BUSINESS - SPECIALIZED RETURNS Flashcards
A Trust
A trust is a fiduciary relationship with respect to a person’s property in which one person (the trustee) holds the title to the property for the benefit of another person (the beneficiary).
A Trustee holds _____ ______ of a Trust
Legal Ownership
This is because the Trustee actually has the Title.
The Beneficiary holds ______ ______ of a Trust
Equitable Title
This is because they will actually receive the benefit (income) from the property.
Formation of a Trust
In order to create a trust, the settlor (the person who “settles” property in a trust) must clearly show intent to create a trust.
This is done by demonstrating intent to separate legal and equitable ownership of the property between two people.

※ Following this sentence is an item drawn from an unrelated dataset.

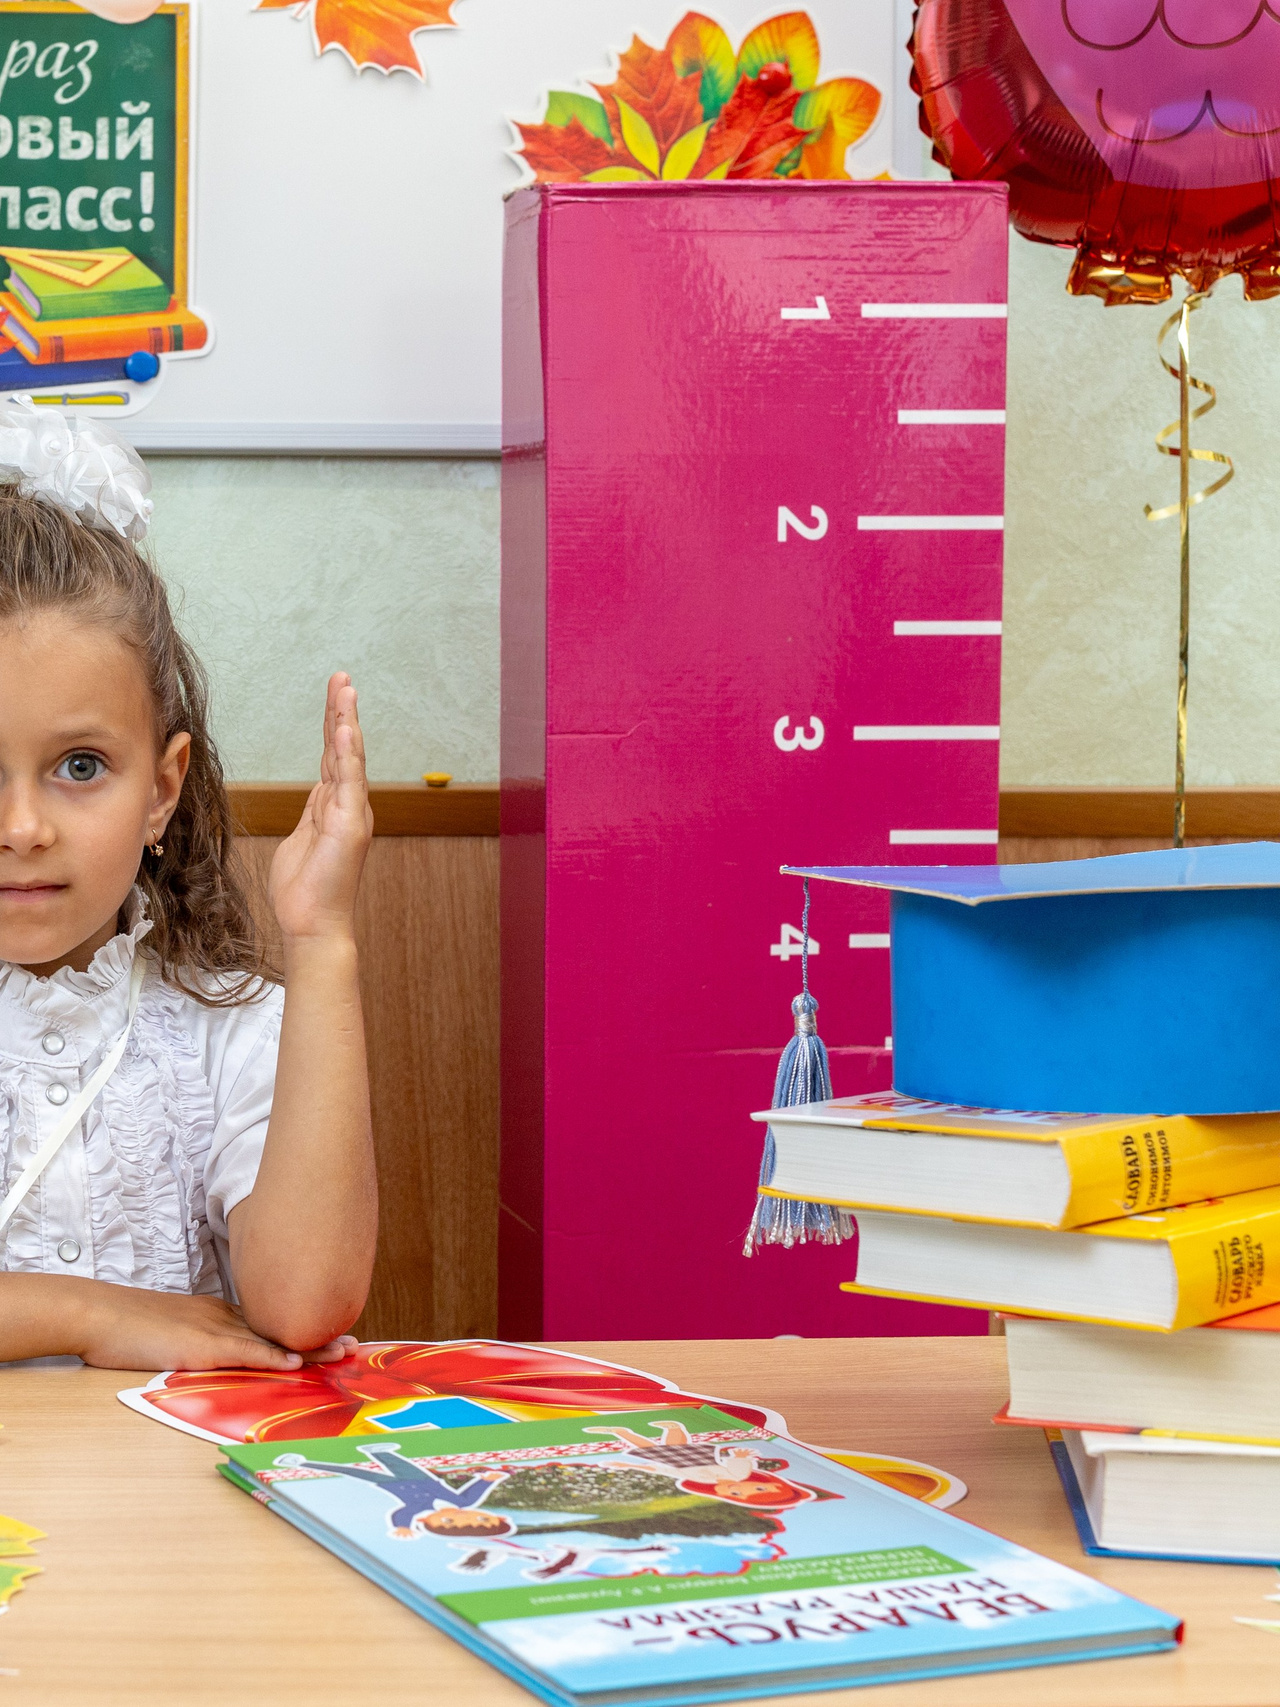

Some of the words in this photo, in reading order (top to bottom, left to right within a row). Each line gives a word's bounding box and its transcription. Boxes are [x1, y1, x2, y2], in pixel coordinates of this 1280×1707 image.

Usually done in writing, but not necessary unless it is real estate.
The Settlor of a Trust
This is the person who creates the trust. Also called the GRANTOR.
The settlor may also be a trustee and/or a beneficiary of the trust, but the settlor is NOT allowed to be the only trustee and the only beneficiary.
The Trustee of a Trust
This is the person who holds the legal title to the trust property that will provide benefit to others.
As trustee, the trustee has a fiduciary responsibility to the beneficiaries.
The trustee is supposed to manage the trust and distribute the income of the trust to the beneficiaries in the manner set out in the trust instrument.
Implied Powers of a Trustee
The power to sell assets
The power to lease assets
The power to incur and pay reasonable expenses in the administration of the trust.
NOTE: They don’t have the right to do anything contrary to their implied duties.
Trust Property must be:
- EXISTING
- IDENTIFIABLE(described in enough detail that it can be identified with certainty)
- CAPABLE of OWNERSHIP and to be transferred
Note: Property that doesn’t yet exist ca NOT be used as Trust Property. (ie. an expected inheritance)
The Beneficiary of a Trust
The person (or persons) for whose benefit the trustee is holding the property.
The beneficiary holds the equitable title in the trust property and is able to enforce the terms of the trust.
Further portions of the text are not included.